The Penn Medicine researchers analyzed the impact of genetic testing for the CYP2C19 genotype. According to the study, immediate access to test results reduces the need for unnecessary drug treatments.
One of the most common treatments against arterial blockages is percutaneous coronary intervention. This is a non-invasive procedure, after which doctors prescribe aspirin and antiplatelet drugs. In this way the formation of plaques inside the arteries is avoided. Some patients respond negatively to this type of drug treatment.
According to some studies, the ineffective or negative response is linked to a mutation of the CYP2C19 gene. The person presenting the mutation should receive a different pharmacological treatment. The researchers then entered the genetic mutation test in the clinical protocol of 249 patients. The idea was to provide their doctors with immediate data on the presence or absence of this anomaly.
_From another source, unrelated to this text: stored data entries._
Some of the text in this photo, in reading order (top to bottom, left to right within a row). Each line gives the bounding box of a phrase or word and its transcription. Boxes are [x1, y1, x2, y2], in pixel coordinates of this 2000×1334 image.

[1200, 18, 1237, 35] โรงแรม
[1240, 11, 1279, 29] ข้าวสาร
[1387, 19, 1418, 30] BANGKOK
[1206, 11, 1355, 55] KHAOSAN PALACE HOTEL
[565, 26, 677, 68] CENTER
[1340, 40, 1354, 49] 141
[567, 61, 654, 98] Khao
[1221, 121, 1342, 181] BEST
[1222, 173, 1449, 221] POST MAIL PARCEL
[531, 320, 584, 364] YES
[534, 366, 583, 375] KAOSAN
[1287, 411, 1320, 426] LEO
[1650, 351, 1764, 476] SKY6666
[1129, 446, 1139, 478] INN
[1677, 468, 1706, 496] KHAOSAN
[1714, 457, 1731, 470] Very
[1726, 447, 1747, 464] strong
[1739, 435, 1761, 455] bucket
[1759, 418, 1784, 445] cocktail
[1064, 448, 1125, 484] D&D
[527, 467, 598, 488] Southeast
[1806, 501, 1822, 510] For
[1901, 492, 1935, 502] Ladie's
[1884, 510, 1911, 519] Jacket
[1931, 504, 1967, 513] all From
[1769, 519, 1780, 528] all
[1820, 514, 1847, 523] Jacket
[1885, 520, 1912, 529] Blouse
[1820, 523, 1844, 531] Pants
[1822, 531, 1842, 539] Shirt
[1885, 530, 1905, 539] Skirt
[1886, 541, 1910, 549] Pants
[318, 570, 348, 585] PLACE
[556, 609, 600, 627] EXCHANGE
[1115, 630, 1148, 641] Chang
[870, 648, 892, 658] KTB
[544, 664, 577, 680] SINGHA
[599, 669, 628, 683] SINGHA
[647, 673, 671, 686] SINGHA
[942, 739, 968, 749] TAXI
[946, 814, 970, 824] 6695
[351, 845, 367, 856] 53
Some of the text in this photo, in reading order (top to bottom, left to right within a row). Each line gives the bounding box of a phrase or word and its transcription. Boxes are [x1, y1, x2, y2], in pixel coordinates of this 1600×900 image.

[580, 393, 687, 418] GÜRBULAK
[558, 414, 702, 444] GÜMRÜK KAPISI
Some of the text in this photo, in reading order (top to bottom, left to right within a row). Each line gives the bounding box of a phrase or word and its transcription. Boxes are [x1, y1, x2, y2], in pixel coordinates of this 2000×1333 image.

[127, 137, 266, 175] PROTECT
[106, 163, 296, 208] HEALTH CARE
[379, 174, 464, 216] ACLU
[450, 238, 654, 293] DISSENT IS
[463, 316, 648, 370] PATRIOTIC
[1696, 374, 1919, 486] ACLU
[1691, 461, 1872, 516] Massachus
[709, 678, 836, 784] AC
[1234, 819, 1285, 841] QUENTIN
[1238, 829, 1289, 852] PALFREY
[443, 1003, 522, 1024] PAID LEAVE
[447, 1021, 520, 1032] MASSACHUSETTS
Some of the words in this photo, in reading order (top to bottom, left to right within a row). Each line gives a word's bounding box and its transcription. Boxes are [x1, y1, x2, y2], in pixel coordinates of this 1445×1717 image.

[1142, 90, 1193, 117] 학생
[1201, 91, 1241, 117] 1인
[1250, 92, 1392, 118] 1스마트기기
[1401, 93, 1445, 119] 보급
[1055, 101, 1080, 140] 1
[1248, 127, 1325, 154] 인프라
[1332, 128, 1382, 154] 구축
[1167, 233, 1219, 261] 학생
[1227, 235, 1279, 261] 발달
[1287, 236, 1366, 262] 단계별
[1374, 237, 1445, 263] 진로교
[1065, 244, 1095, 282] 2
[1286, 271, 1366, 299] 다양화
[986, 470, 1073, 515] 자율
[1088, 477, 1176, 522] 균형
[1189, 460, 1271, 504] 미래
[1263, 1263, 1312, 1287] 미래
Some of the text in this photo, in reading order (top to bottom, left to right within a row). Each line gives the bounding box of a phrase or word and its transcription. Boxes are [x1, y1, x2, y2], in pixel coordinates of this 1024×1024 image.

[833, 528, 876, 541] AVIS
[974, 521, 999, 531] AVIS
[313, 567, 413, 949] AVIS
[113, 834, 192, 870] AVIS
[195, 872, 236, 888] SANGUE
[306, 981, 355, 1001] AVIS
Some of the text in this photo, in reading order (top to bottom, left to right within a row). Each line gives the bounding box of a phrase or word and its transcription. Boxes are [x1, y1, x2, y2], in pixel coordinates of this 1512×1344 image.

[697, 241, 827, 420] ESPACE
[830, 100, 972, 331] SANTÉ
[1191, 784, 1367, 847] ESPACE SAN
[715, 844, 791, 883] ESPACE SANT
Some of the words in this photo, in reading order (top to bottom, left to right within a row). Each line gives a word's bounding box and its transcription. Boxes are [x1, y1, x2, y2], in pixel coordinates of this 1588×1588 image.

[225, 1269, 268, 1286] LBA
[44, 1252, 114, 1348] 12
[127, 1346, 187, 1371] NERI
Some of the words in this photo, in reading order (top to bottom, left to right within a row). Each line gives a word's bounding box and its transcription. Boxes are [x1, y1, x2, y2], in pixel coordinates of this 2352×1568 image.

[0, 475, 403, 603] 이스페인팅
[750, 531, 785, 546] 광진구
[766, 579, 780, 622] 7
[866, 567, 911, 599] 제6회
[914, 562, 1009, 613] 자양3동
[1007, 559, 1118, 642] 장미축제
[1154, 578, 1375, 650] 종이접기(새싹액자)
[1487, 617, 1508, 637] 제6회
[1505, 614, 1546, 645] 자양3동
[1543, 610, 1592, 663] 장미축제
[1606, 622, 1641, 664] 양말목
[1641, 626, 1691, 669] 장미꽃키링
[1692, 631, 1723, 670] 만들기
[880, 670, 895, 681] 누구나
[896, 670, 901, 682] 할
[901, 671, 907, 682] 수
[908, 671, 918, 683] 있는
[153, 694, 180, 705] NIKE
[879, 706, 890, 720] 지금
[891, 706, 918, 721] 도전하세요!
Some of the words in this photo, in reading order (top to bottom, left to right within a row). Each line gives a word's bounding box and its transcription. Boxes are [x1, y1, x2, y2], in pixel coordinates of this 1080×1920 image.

The study involved 504 patients: 249 performed the test; 255 who did not do it. Patients who did the genetic test received the results in one day. Their doctors received it even 90 minutes later. The latter also received the advice of a geneticist and some treatment recommendations. Once all the data was analyzed, the doctors made their prescriptions.
In 71% of cases, doctors followed the recommendations received from the geneticist. Indeed, some of them also analyzed different factors, which the test could not take into consideration. In many cases, the results have revealed the need to prescribe different treatments from the standard one. All of this resulted in fewer heart attacks, strokes and deaths related to cardiovascular factors.